> _Assignment_
Write the records out again exactly, leaving no images in.

═══ Data for this task

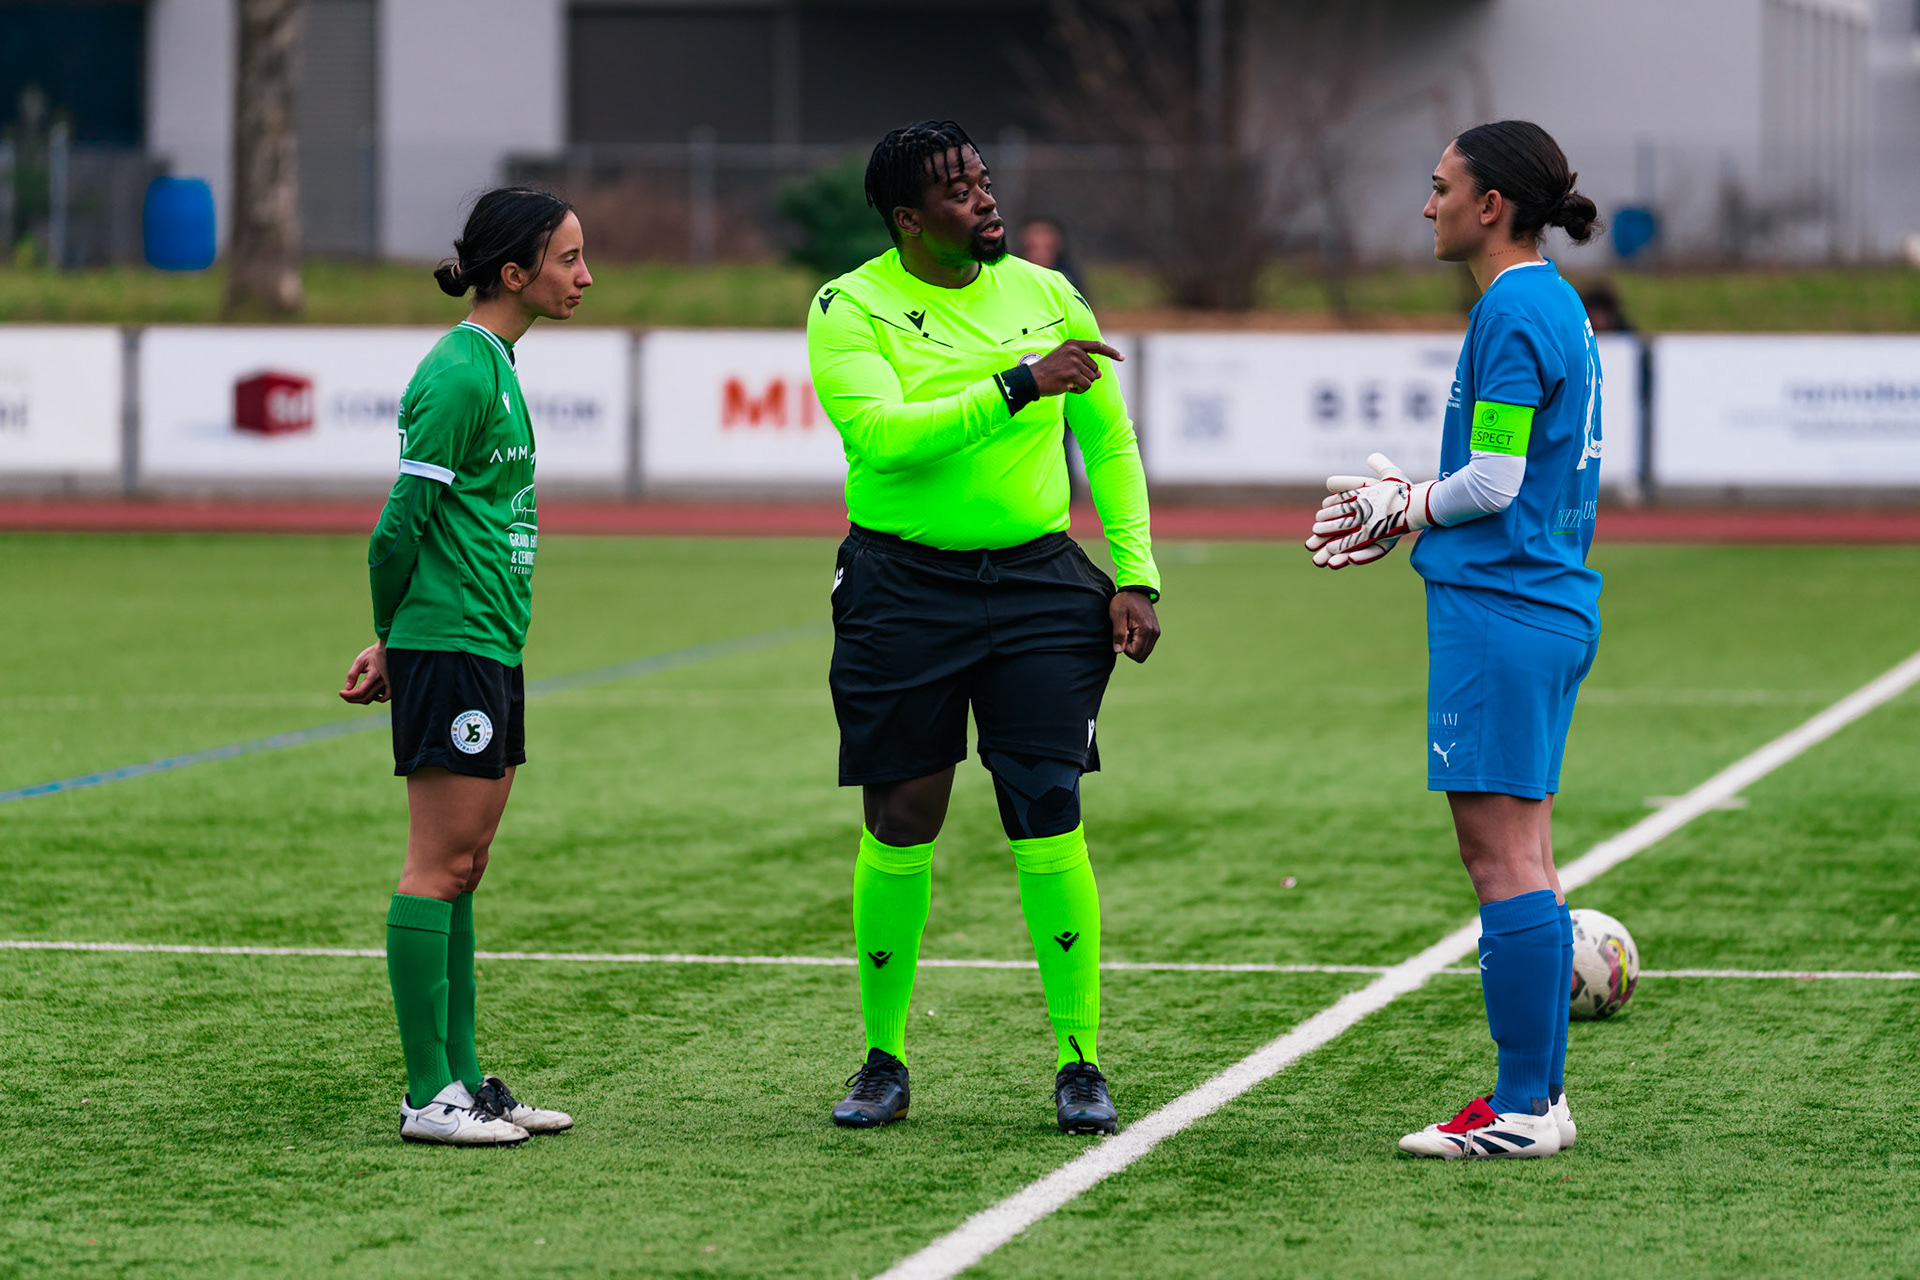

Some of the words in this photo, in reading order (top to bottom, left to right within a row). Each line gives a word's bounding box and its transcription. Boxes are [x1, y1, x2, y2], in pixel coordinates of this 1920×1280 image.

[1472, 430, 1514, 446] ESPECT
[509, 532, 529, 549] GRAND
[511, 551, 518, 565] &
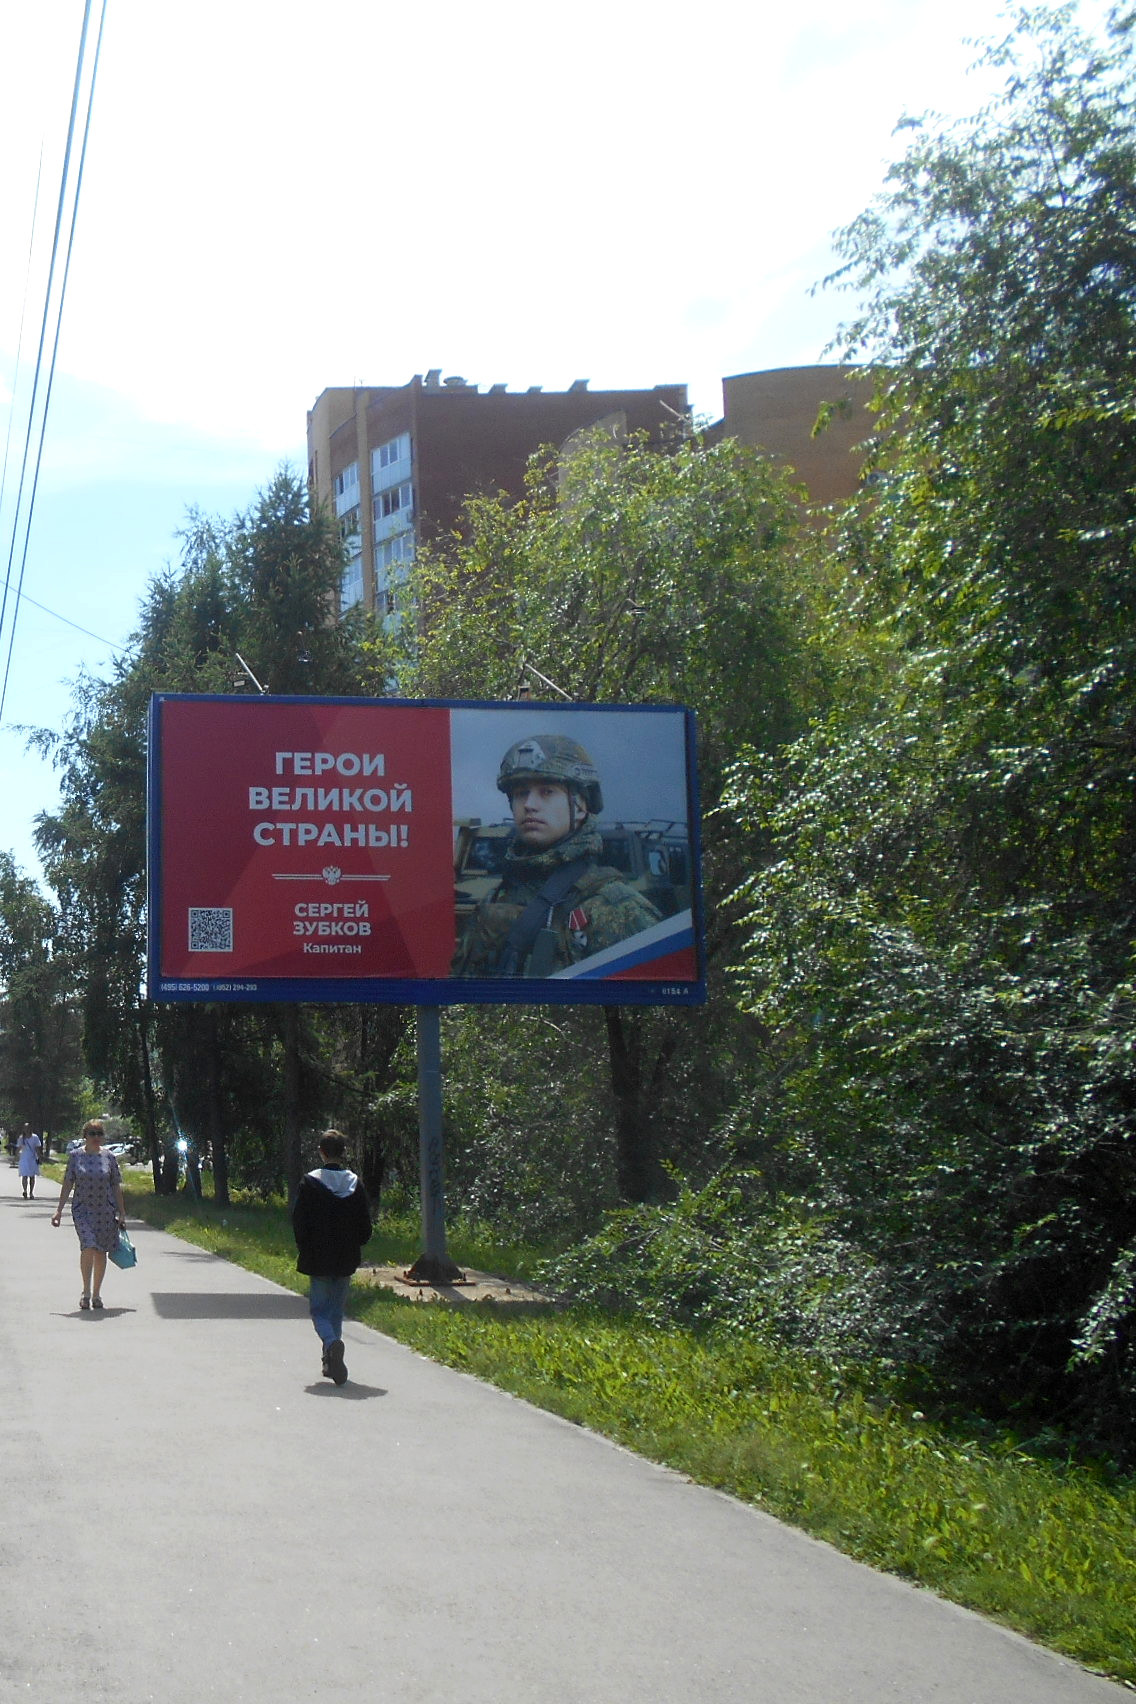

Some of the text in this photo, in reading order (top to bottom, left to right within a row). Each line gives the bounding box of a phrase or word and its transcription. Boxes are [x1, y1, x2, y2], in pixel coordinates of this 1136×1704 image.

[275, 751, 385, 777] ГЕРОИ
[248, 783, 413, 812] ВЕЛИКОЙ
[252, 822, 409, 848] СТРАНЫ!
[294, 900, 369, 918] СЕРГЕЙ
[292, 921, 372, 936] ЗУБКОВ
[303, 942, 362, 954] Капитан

══════

> _Reply_
Some of the words in this photo, in reading order (top to bottom, left to right within a row). Each line gives a word's bounding box and its transcription. Boxes are [x1, y1, x2, y2], in pixel coordinates of this 1920×1280 image.

[1472, 430, 1514, 446] ESPECT
[509, 532, 529, 549] GRAND
[511, 551, 518, 565] &

Some of the text in this photo, in reading order (top to bottom, left to right within a row). Each line gives the bounding box of a phrase or word and its transcription. Boxes are [x1, y1, x2, y2], in pixel coordinates of this 1136×1704 image.

[275, 751, 385, 777] ГЕРОИ
[248, 783, 413, 812] ВЕЛИКОЙ
[252, 822, 409, 848] СТРАНЫ!
[294, 900, 369, 918] СЕРГЕЙ
[292, 921, 372, 936] ЗУБКОВ
[303, 942, 362, 954] Капитан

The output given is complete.